Coming from a position of total ignorance, and in light of your efforts, I'm uncomfortable saying this, but according to what I'm reading as definitions for a "well", it doesn't seem to qualify. Service well actually has an attractive ring to me, but in usage it may prove misleading. A while back I'd consulted a construction-management friend who suggested the term draftway but this didn't fit either.

Of course, it's entirely possible that it has no name at all, it's just a structural feature, incidental or otherwise ... but even something so insignificant as a nook is honored with a title, and the space I'm trying to name was probably 10 x 30 ft.
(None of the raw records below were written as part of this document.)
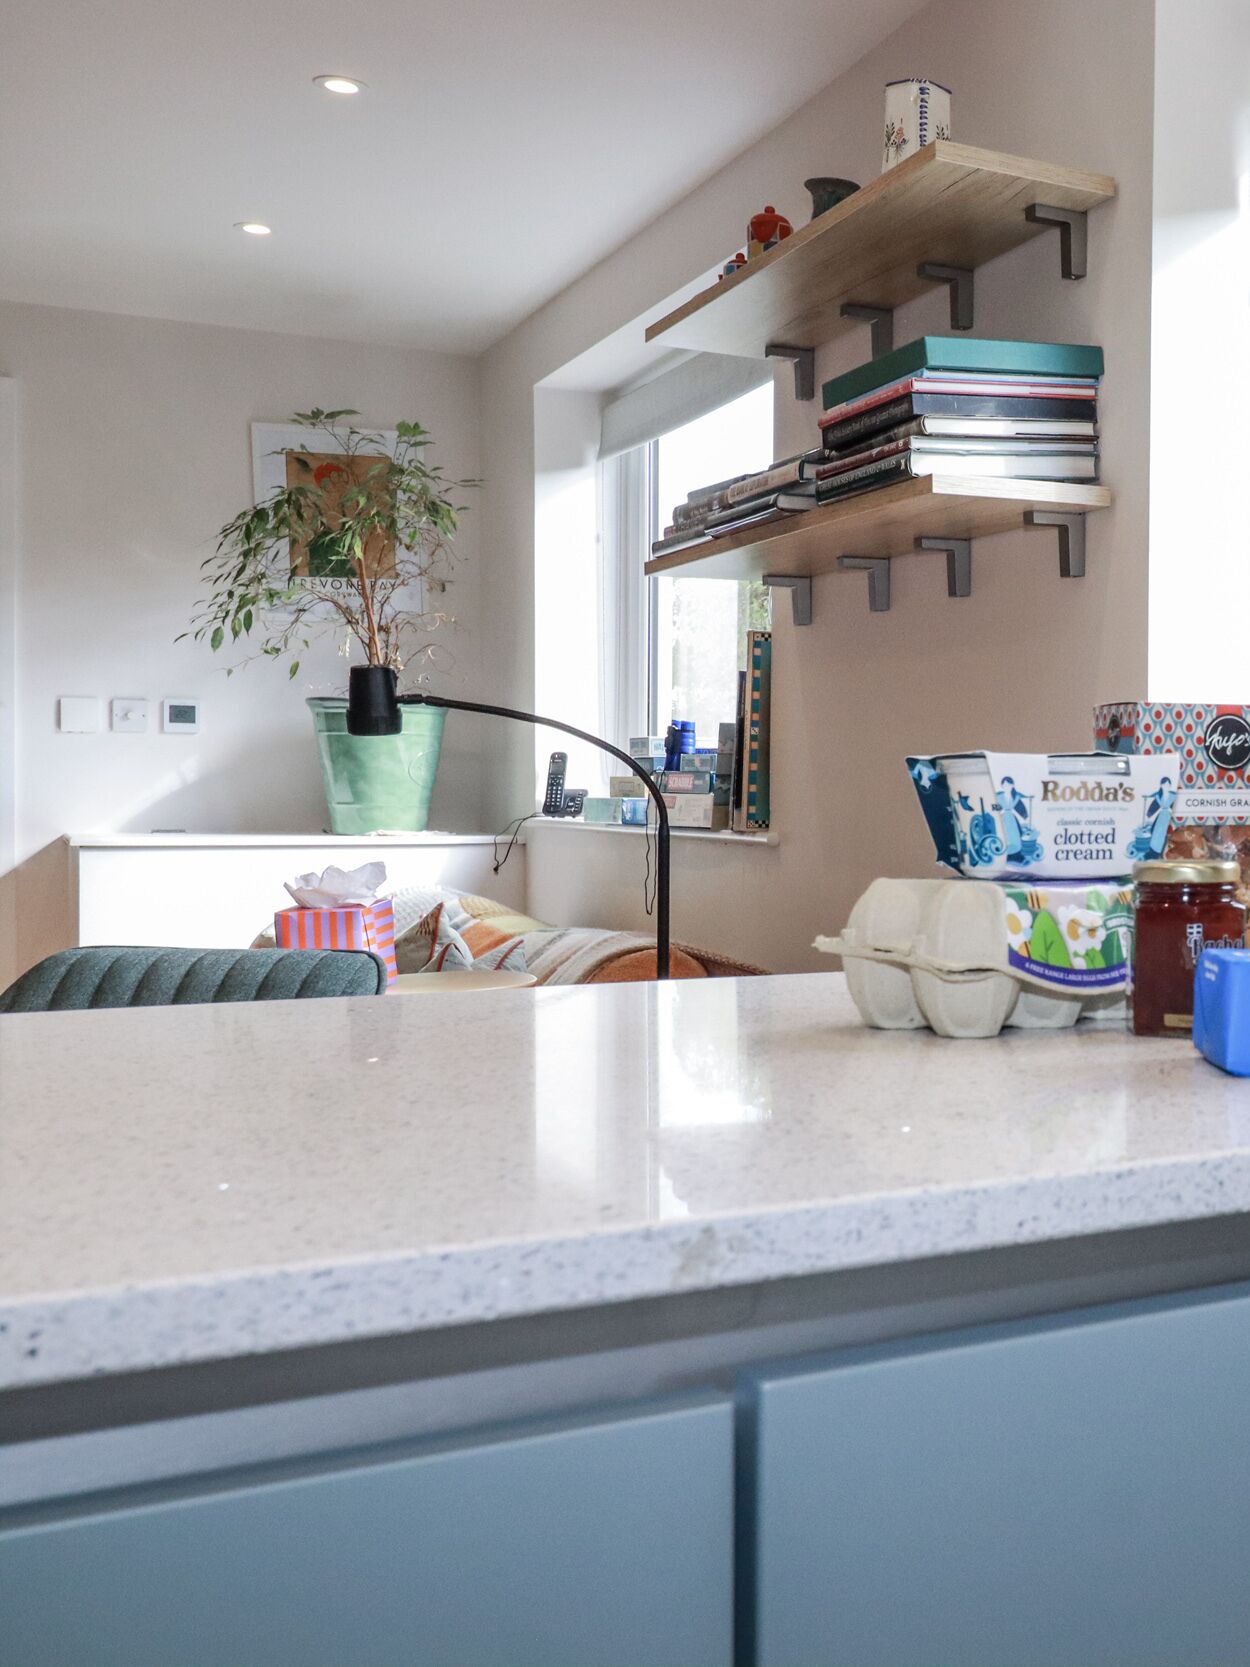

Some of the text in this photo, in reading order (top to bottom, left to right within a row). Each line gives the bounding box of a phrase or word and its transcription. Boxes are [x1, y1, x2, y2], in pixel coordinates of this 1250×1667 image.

[1041, 780, 1136, 803] Rodda's
[1185, 798, 1227, 807] CORNISH
[1084, 817, 1116, 826] cornish
[1053, 827, 1116, 846] clotted
[1055, 848, 1113, 861] cream
Perhaps I can convince someone in the City offices to glance at the blueprints. Surely they're on file and in some fashion a matter of public record. At any rate, thank you so much for your efforts; I'm grateful. Wolfgangus 19:25, 8 January 2007 (UTC)[reply]

January 8

electron hotel

i need to know the answer to n=4

For the hotel californium n=42 is the answer.--JWSchmidt 02:38, 8 January 2007 (UTC)[reply]
Wouldn't that be n = 98 ? See the periodic table. You can check it out any time you like. StuRat 15:43, 8 January 2007 (UTC)[reply]

Your question isn't clear. First off, what is an "electron hotel" ? StuRat 15:49, 8 January 2007 (UTC)[reply]
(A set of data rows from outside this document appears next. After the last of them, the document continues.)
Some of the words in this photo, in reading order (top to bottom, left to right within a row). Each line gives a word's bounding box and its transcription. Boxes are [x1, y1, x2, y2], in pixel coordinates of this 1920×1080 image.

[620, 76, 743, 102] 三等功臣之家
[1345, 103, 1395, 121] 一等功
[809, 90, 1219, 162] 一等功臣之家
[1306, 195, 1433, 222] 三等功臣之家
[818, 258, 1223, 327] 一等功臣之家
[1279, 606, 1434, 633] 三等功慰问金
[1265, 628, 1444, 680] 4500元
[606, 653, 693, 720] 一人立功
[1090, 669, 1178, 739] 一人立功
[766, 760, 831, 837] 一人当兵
Hi Stu! googled to find this "Complete electron hotel assignment: Create quality representation of electron orbitals from n=1 to n=4, include filling rules (DUE: Mon, 01/08)." I expect we won't be too late! As for the hotel, it may be taken as an analogy, electrons filling orbitals as customers fill rooms (?) -- DLL .. T 18:13, 8 January 2007 (UTC)[reply]

Diffuse/Lambertian reflection

The Lambertian reflectance article says that it is used as a model for diffuse reflection, and for most of its mathematics links to the Lambert's cosine law article which says that blackbodies obey it (the Stefan-Boltzmann law article corroborates this). However, while diffuse reflection provides equal intensity in every direction, and I was under the impression that black-body radiation carried that property (see for instance the end of the linked section: "the radiation is the same in all directions"), the cosine law does not appear to do so. What gives between these three concepts, each of which is attached to the other two in inconsistent ways? --Tardis 02:21, 8 January 2007 (UTC)[reply]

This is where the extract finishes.